● **Work instructions**: Nothing but the pictures should be dropped; repeat the rest of the data below exactly.

:: Supplied information ::

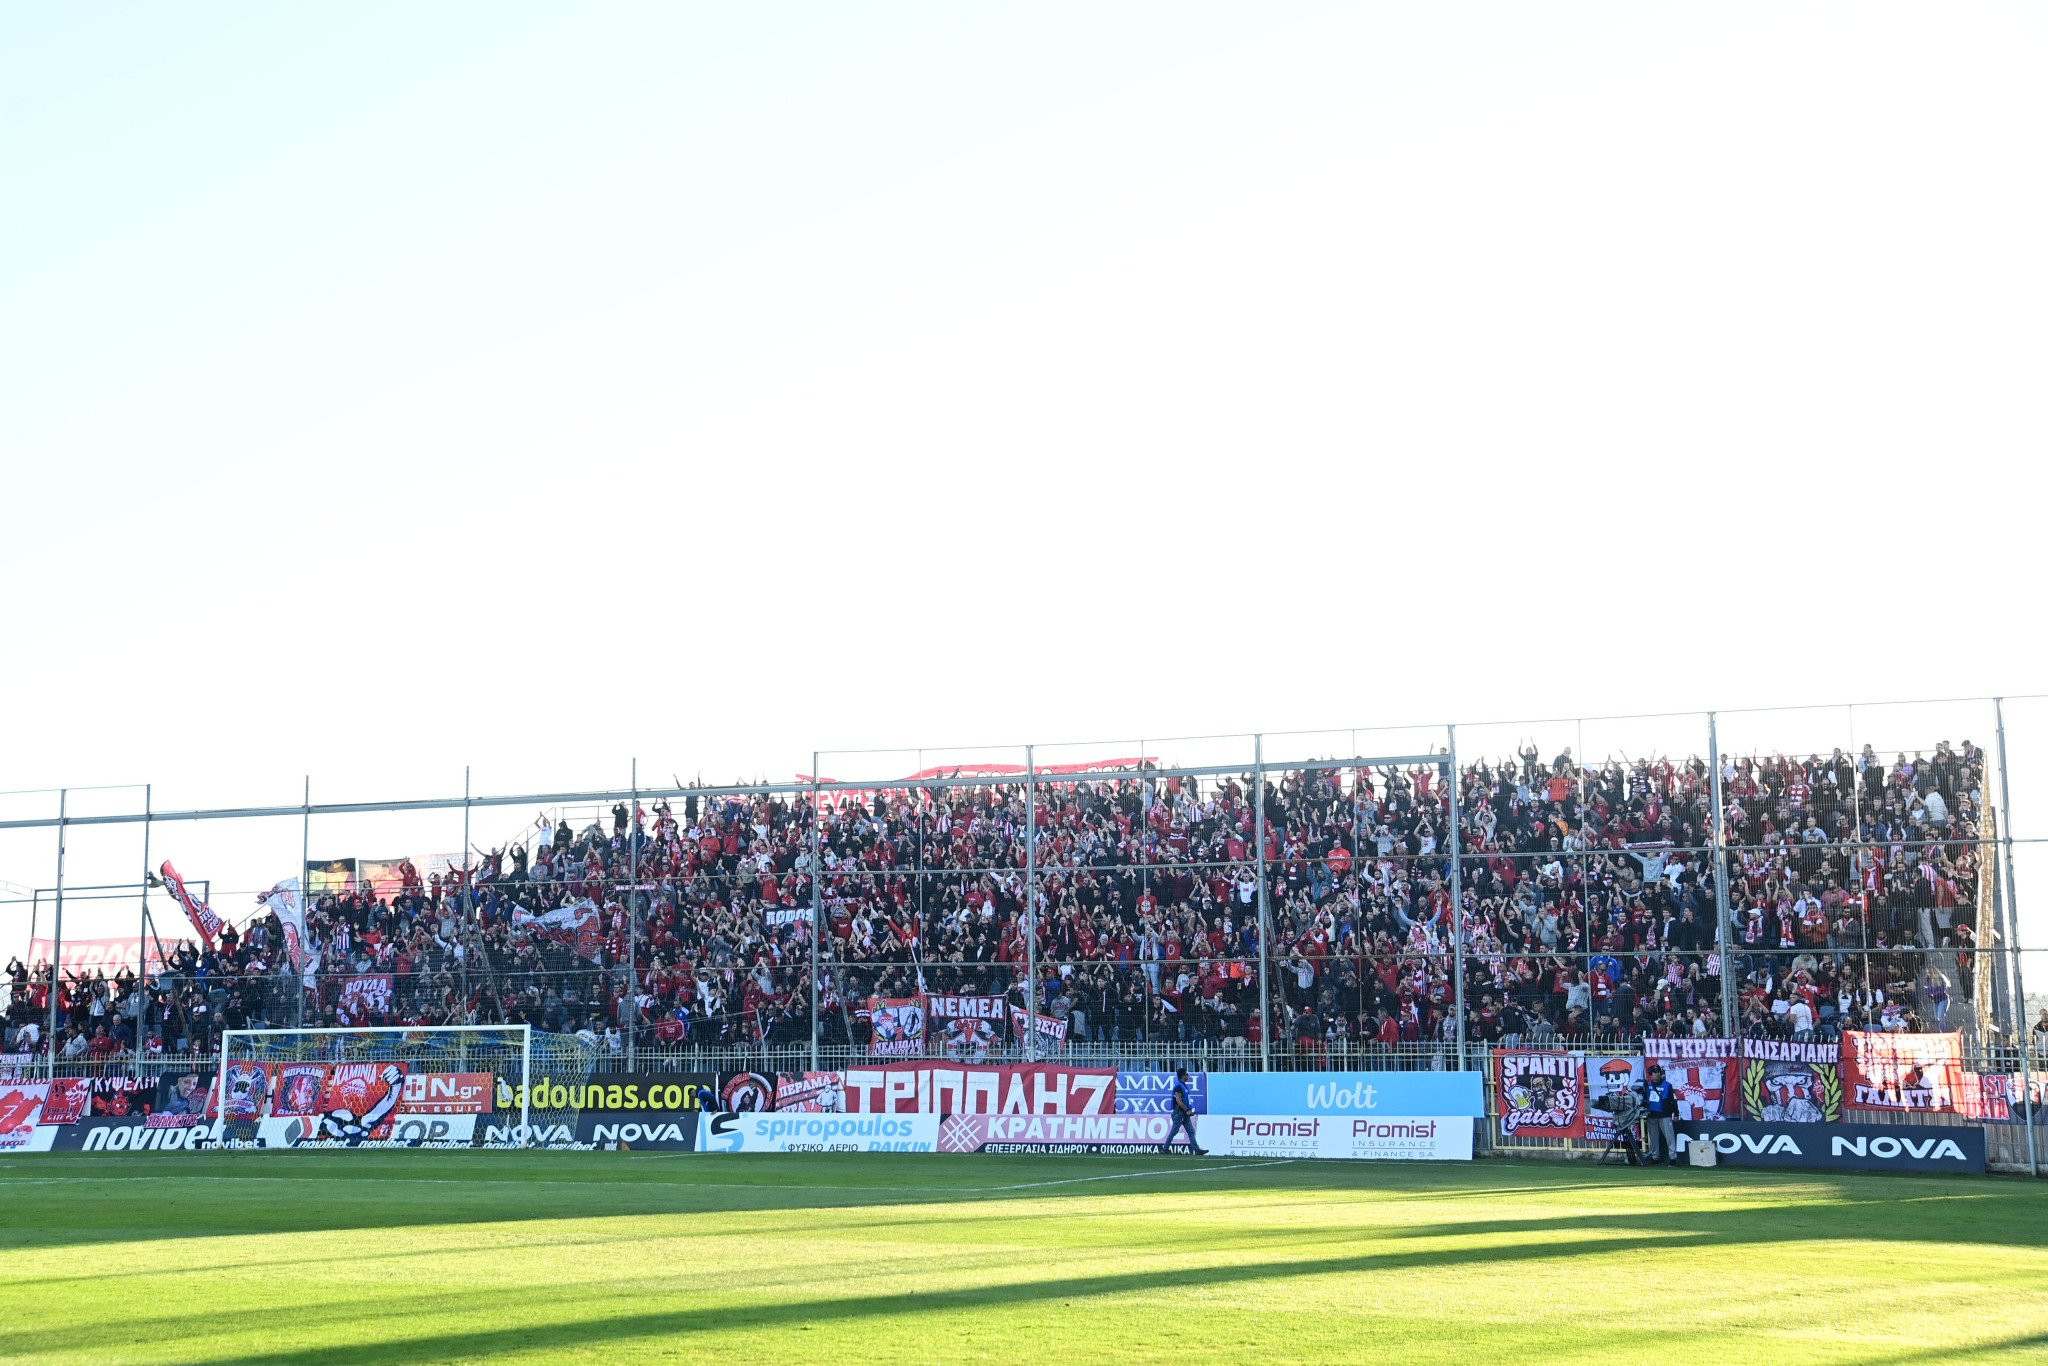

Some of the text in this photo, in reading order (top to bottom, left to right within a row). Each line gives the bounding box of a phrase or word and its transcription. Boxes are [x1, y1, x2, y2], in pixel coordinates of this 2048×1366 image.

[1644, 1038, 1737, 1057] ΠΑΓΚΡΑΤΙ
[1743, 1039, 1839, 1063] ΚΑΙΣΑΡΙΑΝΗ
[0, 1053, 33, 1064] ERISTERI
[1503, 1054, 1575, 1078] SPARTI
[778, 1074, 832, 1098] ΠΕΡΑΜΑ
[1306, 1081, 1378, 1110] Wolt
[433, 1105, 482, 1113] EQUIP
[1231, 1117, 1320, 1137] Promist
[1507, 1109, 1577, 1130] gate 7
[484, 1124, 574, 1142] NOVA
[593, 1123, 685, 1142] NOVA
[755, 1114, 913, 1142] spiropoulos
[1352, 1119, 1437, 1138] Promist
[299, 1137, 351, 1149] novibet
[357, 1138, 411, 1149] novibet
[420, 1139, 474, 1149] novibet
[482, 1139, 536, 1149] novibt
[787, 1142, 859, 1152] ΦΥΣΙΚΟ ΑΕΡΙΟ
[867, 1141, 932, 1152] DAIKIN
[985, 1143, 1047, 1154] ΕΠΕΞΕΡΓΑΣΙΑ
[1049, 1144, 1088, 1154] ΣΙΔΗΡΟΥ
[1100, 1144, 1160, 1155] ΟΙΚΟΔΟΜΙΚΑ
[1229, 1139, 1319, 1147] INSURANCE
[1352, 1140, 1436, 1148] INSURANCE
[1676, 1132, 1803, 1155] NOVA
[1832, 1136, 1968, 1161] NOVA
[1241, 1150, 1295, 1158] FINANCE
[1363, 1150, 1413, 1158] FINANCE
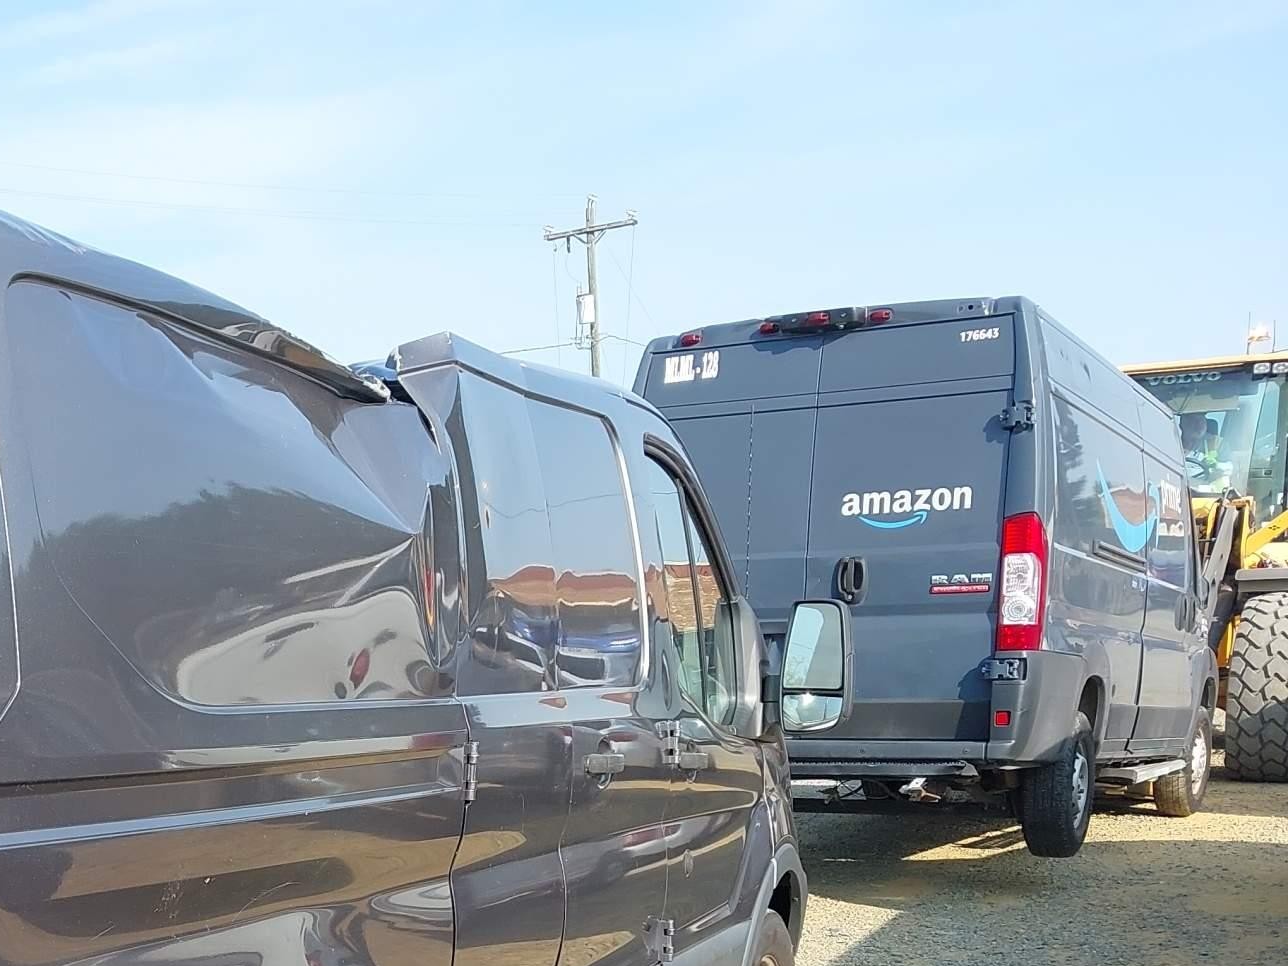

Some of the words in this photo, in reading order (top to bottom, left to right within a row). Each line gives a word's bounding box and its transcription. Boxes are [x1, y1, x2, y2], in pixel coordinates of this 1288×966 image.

:::

● **Answer**:
Some of the text in this photo, in reading order (top to bottom, left to right within a row). Each line gives the bounding box of a phrase or word and its transcription. Boxes are [x1, y1, x2, y2], in pixel coordinates of this 2048×1366 image.

[1644, 1038, 1737, 1057] ΠΑΓΚΡΑΤΙ
[1743, 1039, 1839, 1063] ΚΑΙΣΑΡΙΑΝΗ
[0, 1053, 33, 1064] ERISTERI
[1503, 1054, 1575, 1078] SPARTI
[778, 1074, 832, 1098] ΠΕΡΑΜΑ
[1306, 1081, 1378, 1110] Wolt
[433, 1105, 482, 1113] EQUIP
[1231, 1117, 1320, 1137] Promist
[1507, 1109, 1577, 1130] gate 7
[484, 1124, 574, 1142] NOVA
[593, 1123, 685, 1142] NOVA
[755, 1114, 913, 1142] spiropoulos
[1352, 1119, 1437, 1138] Promist
[299, 1137, 351, 1149] novibet
[357, 1138, 411, 1149] novibet
[420, 1139, 474, 1149] novibet
[482, 1139, 536, 1149] novibt
[787, 1142, 859, 1152] ΦΥΣΙΚΟ ΑΕΡΙΟ
[867, 1141, 932, 1152] DAIKIN
[985, 1143, 1047, 1154] ΕΠΕΞΕΡΓΑΣΙΑ
[1049, 1144, 1088, 1154] ΣΙΔΗΡΟΥ
[1100, 1144, 1160, 1155] ΟΙΚΟΔΟΜΙΚΑ
[1229, 1139, 1319, 1147] INSURANCE
[1352, 1140, 1436, 1148] INSURANCE
[1676, 1132, 1803, 1155] NOVA
[1832, 1136, 1968, 1161] NOVA
[1241, 1150, 1295, 1158] FINANCE
[1363, 1150, 1413, 1158] FINANCE

Some of the words in this photo, in reading order (top to bottom, left to right within a row). Each line gives a word's bounding box and its transcription. Boxes are [x1, y1, x2, y2], in pixel coordinates of this 1288×966 image.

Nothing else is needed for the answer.